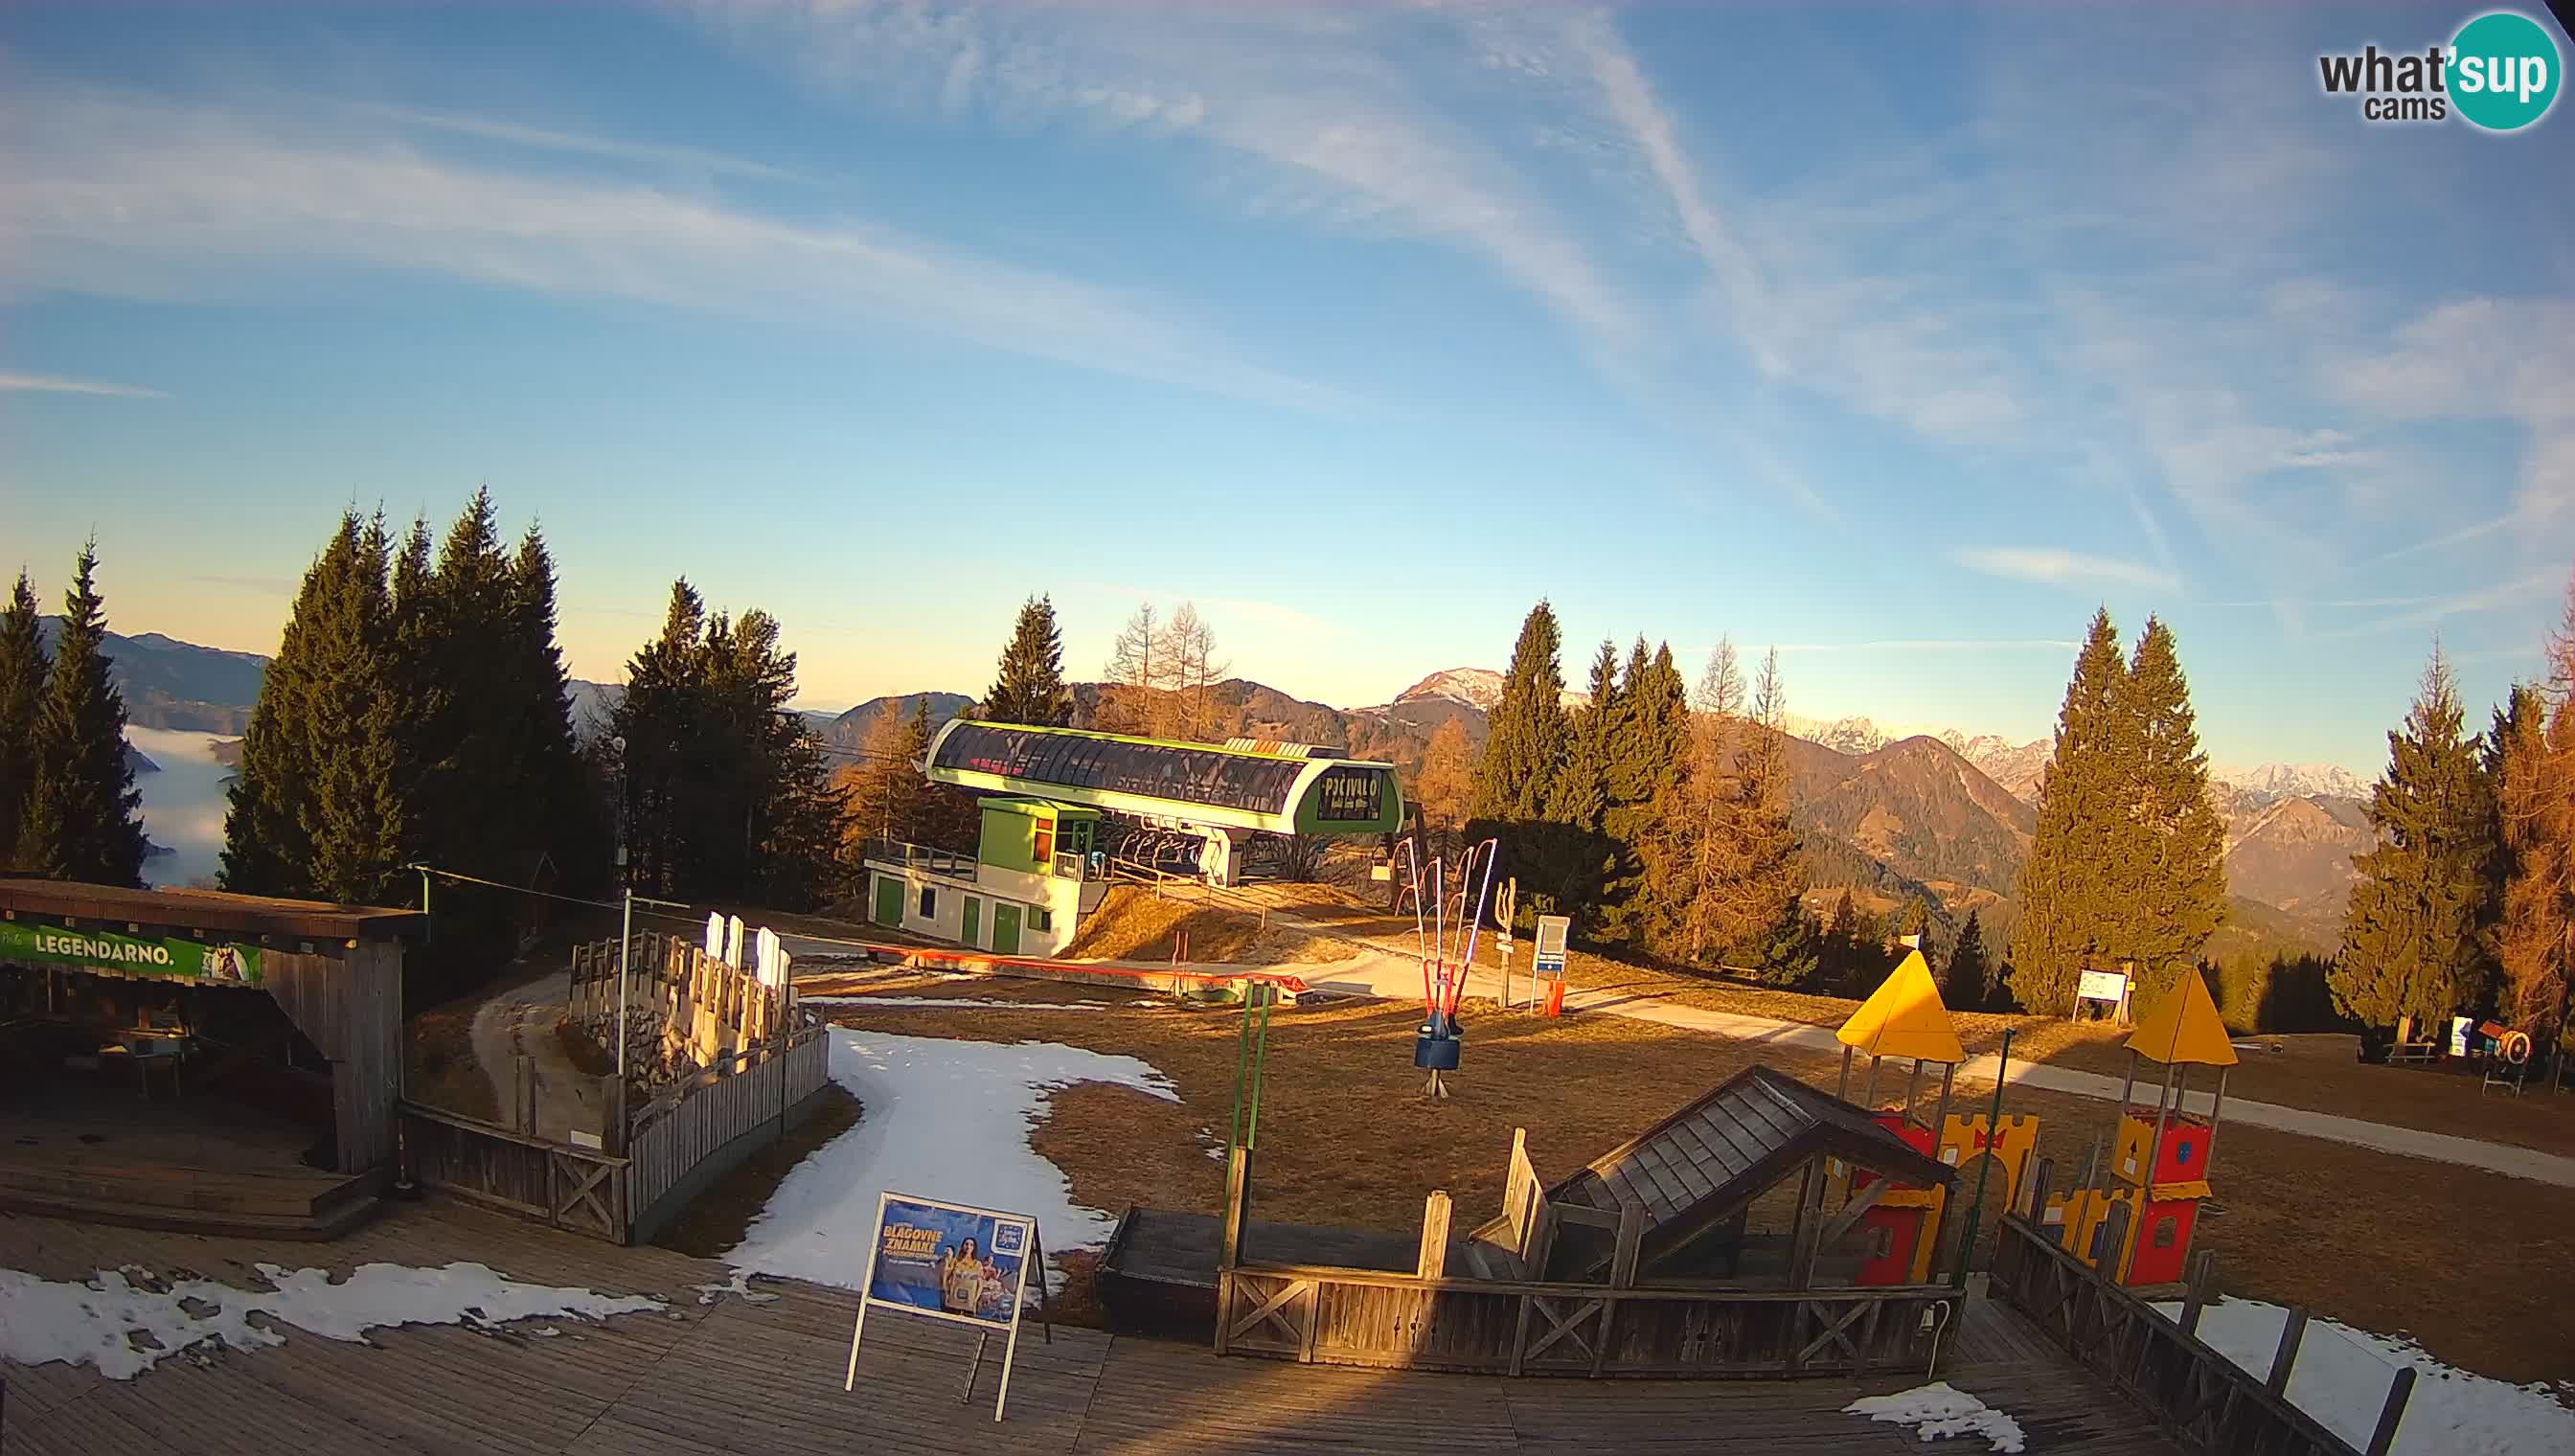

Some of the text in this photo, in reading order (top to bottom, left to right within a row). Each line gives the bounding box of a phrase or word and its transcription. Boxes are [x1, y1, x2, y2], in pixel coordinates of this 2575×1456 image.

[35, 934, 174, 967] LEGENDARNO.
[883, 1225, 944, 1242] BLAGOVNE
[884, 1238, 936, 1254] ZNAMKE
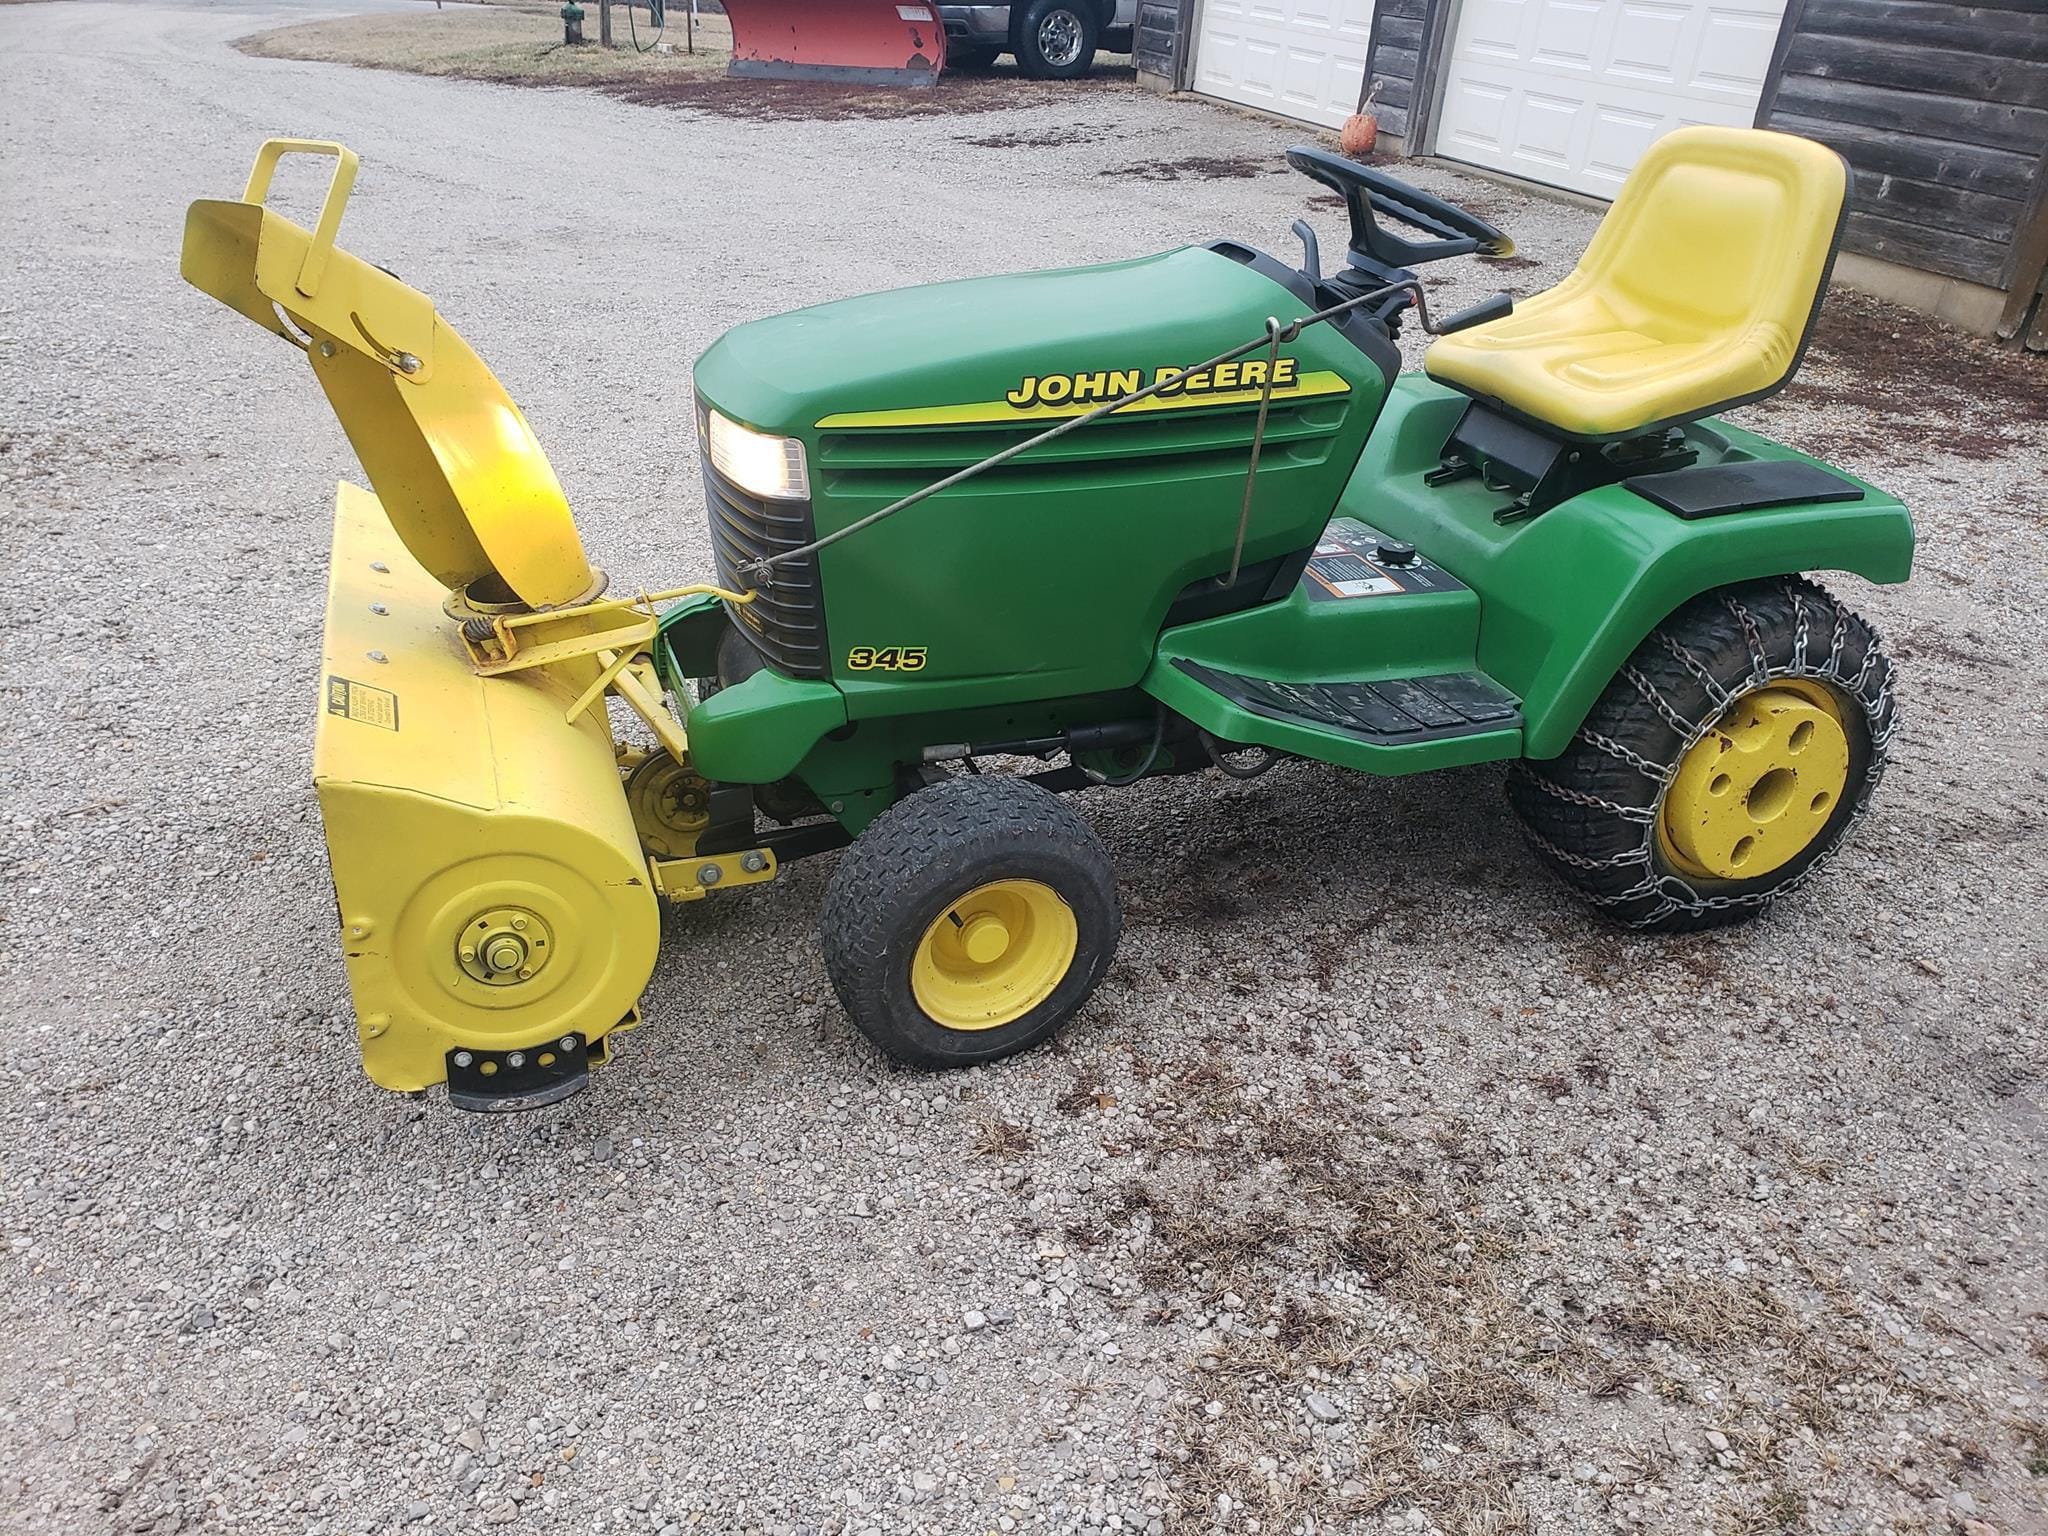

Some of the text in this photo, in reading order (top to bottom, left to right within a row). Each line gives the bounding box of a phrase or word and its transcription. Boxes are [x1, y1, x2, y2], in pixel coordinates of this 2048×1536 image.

■ **Directions for this task**: Write out the entries above verbatim; the pictures do not belong in your copy.

■ **Answer to the exercise**:
Some of the text in this photo, in reading order (top to bottom, left to right within a row). Each line gives the bounding box of a phrase or word and its transcription. Boxes are [x1, y1, x2, y2], in pixel coordinates of this 2575×1456 image.

[35, 934, 174, 967] LEGENDARNO.
[883, 1225, 944, 1242] BLAGOVNE
[884, 1238, 936, 1254] ZNAMKE

Some of the text in this photo, in reading order (top to bottom, left to right within a row). Each line gives the bounding box of a phrase or word and its transcription. Boxes are [x1, y1, x2, y2], in pixel coordinates of this 2048×1536 image.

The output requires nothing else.